▸ ABOUT THIS TASK
The expected output is the line bearing "this 1642×1632 image." followed by all remaining lines of the records, each restated word for word.

▸ THE INPUT
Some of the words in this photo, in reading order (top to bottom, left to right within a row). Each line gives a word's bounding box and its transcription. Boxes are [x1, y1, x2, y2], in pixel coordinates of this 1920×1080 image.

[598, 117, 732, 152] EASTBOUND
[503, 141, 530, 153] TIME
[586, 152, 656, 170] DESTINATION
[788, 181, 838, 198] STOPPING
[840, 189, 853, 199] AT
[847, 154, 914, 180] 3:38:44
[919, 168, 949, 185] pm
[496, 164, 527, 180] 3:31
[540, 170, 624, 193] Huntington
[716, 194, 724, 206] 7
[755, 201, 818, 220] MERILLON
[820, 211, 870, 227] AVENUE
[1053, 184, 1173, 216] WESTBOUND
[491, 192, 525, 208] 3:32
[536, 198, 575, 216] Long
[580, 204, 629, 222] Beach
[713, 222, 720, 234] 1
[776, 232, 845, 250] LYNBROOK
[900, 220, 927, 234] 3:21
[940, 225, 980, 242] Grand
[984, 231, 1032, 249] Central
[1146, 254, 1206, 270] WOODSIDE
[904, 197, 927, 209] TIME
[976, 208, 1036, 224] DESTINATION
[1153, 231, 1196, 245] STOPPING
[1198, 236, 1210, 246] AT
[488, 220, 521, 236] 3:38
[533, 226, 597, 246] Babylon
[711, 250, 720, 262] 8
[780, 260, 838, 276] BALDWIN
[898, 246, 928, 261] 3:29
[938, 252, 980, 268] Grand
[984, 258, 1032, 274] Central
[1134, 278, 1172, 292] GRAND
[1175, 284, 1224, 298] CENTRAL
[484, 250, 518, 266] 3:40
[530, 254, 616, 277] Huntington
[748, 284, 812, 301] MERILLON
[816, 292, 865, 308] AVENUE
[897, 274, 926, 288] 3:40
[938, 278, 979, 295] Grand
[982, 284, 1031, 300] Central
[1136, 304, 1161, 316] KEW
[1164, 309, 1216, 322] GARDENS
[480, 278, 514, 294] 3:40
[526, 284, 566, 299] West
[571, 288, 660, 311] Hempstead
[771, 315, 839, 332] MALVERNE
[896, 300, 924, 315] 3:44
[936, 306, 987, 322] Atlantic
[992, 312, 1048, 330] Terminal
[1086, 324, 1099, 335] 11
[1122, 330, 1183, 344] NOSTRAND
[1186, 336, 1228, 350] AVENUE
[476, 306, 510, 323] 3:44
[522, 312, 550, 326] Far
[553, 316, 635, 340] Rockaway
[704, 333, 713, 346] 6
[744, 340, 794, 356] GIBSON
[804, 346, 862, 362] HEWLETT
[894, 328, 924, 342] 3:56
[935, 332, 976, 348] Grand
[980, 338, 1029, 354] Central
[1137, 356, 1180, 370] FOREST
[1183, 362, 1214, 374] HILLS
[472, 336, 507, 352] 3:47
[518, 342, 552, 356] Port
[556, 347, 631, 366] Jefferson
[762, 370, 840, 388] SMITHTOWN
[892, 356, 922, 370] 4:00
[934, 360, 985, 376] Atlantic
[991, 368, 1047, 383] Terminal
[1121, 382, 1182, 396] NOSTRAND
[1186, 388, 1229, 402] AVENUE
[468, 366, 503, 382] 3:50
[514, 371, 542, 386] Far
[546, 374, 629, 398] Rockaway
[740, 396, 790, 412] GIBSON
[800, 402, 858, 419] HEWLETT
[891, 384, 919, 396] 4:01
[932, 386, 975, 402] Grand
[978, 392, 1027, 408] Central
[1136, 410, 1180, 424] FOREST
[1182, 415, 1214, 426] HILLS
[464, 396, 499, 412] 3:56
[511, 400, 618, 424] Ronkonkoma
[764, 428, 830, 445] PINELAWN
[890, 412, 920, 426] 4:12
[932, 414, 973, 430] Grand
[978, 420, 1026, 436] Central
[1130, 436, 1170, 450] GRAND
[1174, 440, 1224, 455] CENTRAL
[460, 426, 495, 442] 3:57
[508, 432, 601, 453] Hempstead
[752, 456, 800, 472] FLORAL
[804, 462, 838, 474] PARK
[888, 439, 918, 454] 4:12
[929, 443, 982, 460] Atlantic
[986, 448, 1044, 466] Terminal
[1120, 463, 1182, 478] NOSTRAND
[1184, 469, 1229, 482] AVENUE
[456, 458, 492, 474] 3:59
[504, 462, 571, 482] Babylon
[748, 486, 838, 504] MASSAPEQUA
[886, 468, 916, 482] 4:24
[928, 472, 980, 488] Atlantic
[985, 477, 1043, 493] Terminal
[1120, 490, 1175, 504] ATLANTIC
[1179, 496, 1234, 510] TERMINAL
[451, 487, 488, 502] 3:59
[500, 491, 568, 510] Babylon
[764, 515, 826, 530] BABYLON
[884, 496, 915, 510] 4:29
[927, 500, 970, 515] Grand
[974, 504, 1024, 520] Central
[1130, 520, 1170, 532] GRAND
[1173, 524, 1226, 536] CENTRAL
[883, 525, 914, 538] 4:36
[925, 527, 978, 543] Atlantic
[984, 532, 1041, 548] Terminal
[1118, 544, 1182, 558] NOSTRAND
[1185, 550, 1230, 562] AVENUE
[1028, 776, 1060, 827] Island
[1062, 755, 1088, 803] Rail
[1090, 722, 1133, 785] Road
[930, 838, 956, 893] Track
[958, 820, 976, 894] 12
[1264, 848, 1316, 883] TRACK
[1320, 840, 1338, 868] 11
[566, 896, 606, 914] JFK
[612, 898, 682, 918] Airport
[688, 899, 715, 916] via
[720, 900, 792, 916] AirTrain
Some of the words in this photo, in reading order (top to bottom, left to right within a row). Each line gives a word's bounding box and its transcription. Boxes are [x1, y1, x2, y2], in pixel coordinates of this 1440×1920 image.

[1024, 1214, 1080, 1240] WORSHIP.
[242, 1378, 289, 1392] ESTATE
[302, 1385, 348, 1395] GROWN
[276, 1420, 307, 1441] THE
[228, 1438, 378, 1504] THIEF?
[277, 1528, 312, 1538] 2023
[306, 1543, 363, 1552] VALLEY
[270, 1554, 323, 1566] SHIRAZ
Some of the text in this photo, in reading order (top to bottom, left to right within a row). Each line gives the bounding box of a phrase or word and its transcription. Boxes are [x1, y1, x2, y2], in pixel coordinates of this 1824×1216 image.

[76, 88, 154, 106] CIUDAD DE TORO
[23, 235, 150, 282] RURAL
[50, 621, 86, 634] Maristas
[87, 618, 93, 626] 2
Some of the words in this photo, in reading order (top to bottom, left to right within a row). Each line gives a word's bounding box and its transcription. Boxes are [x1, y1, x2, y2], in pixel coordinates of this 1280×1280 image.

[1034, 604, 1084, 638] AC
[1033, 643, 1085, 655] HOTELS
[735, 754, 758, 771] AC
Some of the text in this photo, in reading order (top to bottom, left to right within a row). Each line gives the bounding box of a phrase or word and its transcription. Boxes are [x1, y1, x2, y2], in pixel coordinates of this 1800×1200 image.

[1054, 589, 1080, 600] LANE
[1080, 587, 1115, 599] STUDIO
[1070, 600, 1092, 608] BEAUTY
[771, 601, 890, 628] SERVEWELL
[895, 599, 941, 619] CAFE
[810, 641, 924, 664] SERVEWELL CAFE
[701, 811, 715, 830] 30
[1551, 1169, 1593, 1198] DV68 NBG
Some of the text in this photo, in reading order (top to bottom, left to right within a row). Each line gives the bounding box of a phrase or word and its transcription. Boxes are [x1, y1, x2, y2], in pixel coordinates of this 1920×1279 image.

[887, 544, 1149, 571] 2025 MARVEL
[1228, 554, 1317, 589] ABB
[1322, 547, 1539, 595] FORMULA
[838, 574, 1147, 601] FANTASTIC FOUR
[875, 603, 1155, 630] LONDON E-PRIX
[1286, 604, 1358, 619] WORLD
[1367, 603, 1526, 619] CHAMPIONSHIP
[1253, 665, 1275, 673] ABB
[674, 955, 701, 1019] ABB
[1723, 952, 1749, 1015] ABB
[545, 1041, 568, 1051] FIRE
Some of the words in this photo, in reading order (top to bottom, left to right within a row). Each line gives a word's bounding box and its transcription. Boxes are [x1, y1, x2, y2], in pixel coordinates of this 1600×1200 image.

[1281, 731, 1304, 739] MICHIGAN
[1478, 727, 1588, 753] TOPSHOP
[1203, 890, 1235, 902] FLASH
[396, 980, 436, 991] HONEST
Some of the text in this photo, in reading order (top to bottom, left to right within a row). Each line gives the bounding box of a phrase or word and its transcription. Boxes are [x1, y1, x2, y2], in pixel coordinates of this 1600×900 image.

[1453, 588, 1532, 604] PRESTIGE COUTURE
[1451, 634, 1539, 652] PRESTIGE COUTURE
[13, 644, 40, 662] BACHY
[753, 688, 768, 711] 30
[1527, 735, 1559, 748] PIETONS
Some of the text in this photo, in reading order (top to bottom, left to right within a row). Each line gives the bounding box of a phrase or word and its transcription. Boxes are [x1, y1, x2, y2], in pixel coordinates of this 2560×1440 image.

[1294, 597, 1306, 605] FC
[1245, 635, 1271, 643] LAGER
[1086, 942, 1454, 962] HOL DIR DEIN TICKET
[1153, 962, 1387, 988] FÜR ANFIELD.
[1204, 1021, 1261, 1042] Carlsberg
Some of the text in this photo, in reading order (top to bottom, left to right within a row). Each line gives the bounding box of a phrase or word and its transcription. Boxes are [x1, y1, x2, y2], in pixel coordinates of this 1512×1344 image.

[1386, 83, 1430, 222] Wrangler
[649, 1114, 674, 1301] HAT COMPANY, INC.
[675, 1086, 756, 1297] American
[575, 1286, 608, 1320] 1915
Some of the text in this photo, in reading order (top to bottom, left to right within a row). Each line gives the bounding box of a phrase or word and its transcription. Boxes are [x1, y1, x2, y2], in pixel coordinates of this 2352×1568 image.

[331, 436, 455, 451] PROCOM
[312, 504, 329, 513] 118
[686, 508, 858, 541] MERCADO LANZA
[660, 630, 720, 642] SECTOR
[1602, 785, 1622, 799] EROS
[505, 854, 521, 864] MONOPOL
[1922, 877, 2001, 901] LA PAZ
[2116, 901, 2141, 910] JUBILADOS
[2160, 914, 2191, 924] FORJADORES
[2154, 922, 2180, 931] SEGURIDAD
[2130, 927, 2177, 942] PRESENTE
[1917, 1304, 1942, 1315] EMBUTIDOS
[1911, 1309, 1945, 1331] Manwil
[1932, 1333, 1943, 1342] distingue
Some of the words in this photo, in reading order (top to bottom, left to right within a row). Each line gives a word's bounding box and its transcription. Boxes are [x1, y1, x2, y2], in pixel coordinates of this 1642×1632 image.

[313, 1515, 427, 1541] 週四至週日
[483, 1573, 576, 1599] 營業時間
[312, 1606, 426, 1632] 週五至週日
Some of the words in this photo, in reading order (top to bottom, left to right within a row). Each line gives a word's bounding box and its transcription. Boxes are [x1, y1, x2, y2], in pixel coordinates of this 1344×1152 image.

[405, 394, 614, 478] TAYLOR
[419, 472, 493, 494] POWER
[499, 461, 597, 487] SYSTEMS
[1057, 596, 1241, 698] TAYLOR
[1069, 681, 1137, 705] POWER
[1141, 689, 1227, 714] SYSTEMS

▸ TASK OUTPUT
Some of the words in this photo, in reading order (top to bottom, left to right within a row). Each line gives a word's bounding box and its transcription. Boxes are [x1, y1, x2, y2], in pixel coordinates of this 1642×1632 image.

[313, 1515, 427, 1541] 週四至週日
[483, 1573, 576, 1599] 營業時間
[312, 1606, 426, 1632] 週五至週日
Some of the words in this photo, in reading order (top to bottom, left to right within a row). Each line gives a word's bounding box and its transcription. Boxes are [x1, y1, x2, y2], in pixel coordinates of this 1344×1152 image.

[405, 394, 614, 478] TAYLOR
[419, 472, 493, 494] POWER
[499, 461, 597, 487] SYSTEMS
[1057, 596, 1241, 698] TAYLOR
[1069, 681, 1137, 705] POWER
[1141, 689, 1227, 714] SYSTEMS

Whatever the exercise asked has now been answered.